É possível que Júlio tenha formado uma opinião muito elevada sobre esse prisioneiro ao final dessa longa e perigosa jornada; ele era um homem cujo Deus cuidava e operava milagres por meio dele. Ele não pertencia a uma cela comum com outros prisioneiros ou homens perigosos. Paulo também tinha recursos para pagar o aluguel de seu próprio quarto, seja por meio de seus próprios ganhos, da caridade de outros crentes ou uma combinação de ambos (Atos 28:30).
Mesmo assim, Paulo não era um homem livre até que César decidisse seu caso, então ele vivia sozinho, na medida em que não estava em uma prisão com criminosos, mas havia um soldado que o guardava e que também morava na casa alugada de Paulo. É muito provável que Paulo tenha pregado o evangelho ao soldado que o guardava.

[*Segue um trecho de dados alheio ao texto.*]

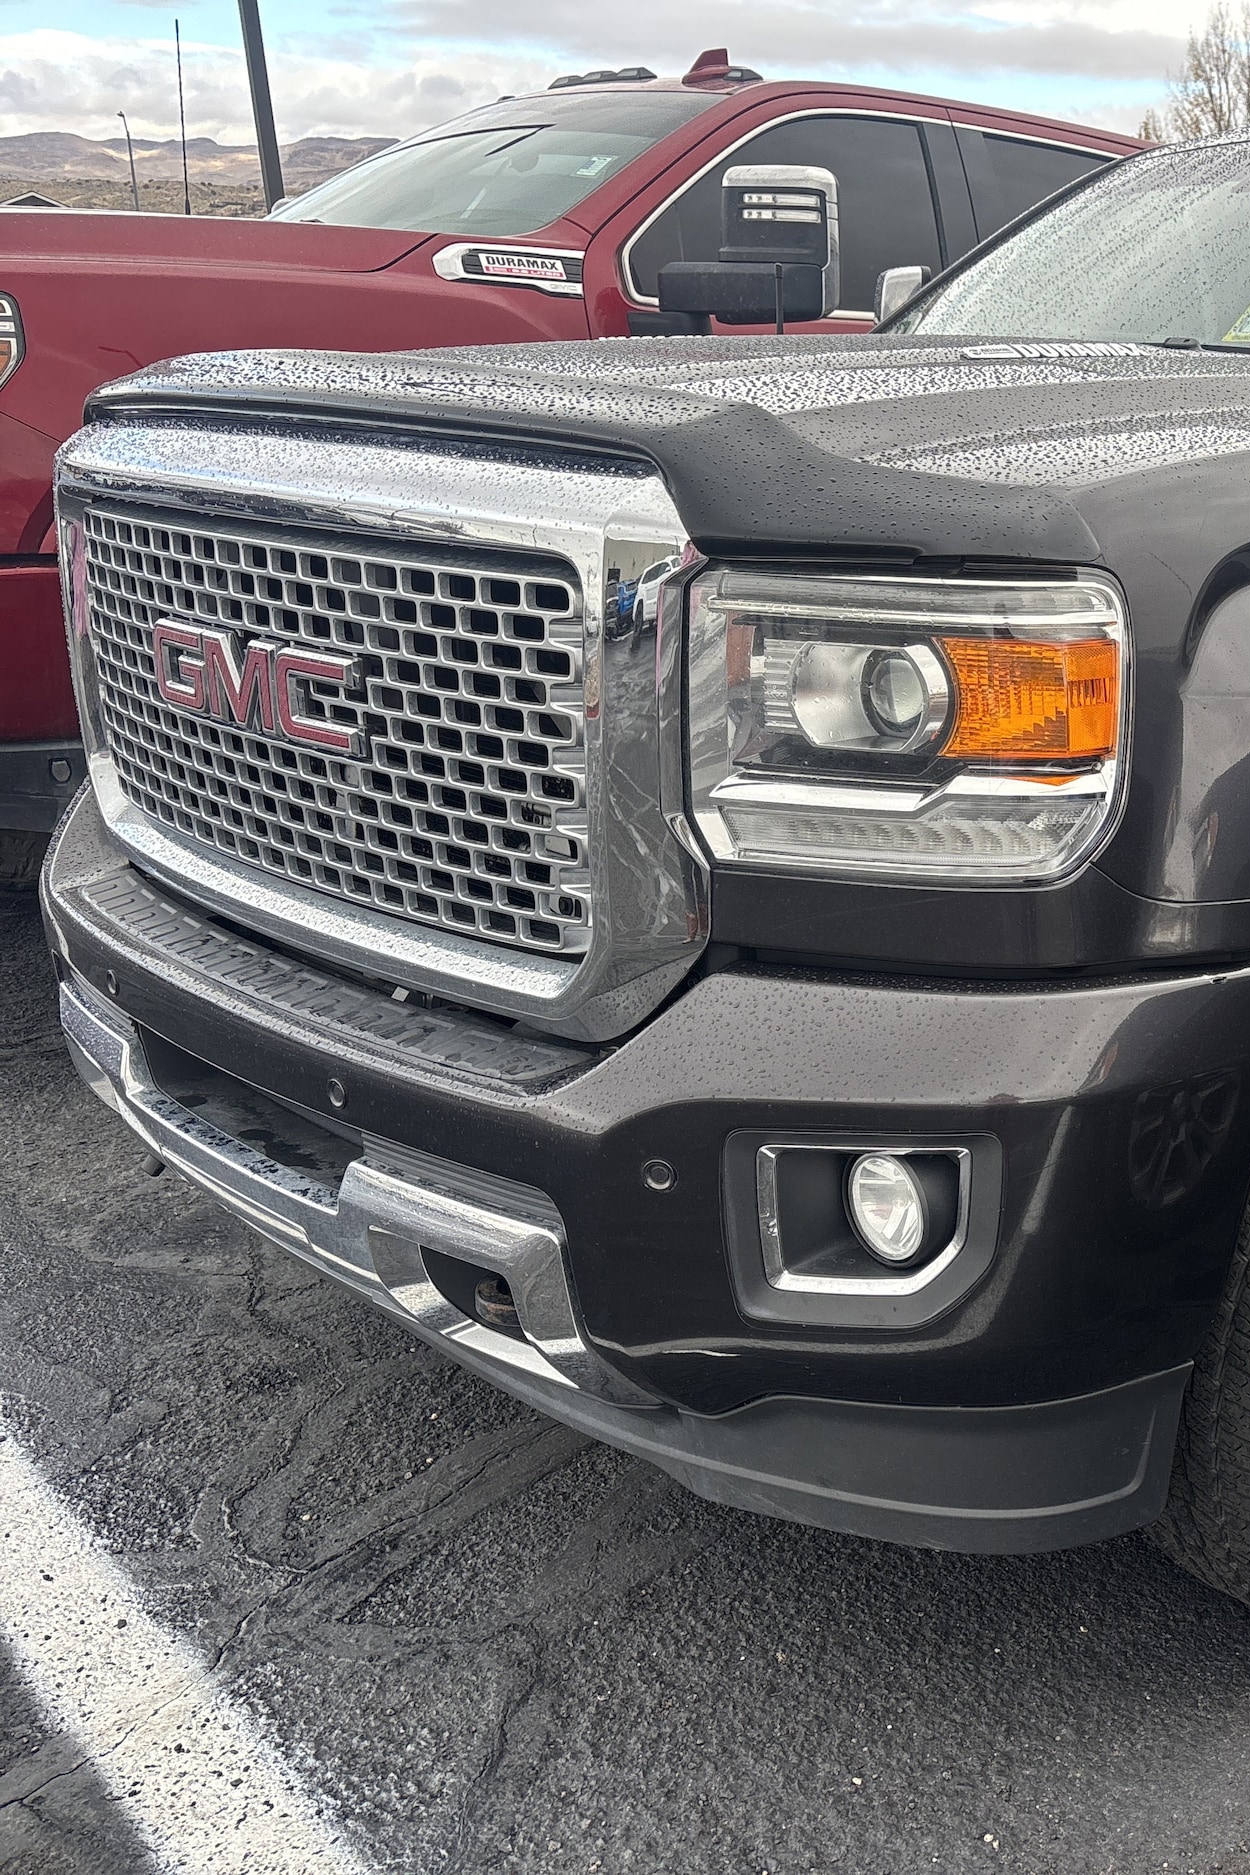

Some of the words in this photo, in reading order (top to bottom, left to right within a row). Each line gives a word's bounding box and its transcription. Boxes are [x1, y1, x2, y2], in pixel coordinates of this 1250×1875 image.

[485, 255, 559, 271] DURAMAX
[1014, 343, 1150, 358] DURAMAX
[154, 617, 362, 757] GMC

Em sua carta à igreja de Filipos, que escreveu durante seu aprisionamento em Roma, Paulo menciona que,
“Minha prisão pela causa de Cristo tornou-se bem conhecida em toda a guarda pretoriana e por todos os demais, e a maioria dos irmãos, confiando no Senhor por causa da minha prisão, tem muito mais coragem para falar a palavra de Deus sem medo.”
(Filipenses 1:13-14)
Podemos ver que ele se dedicou ativamente à pregação do evangelho, apesar de estar acorrentado e com a mobilidade limitada, inspirando assim outros crentes em Roma a também pregarem o evangelho corajosamente na cidade.
Com o início da prisão de Paulo em Roma e a aproximação do fim do livro de Atos, na passagem seguinte Paulo buscará fazer as pazes e chegar a um entendimento com a liderança judaica local, que não conhece o evangelho.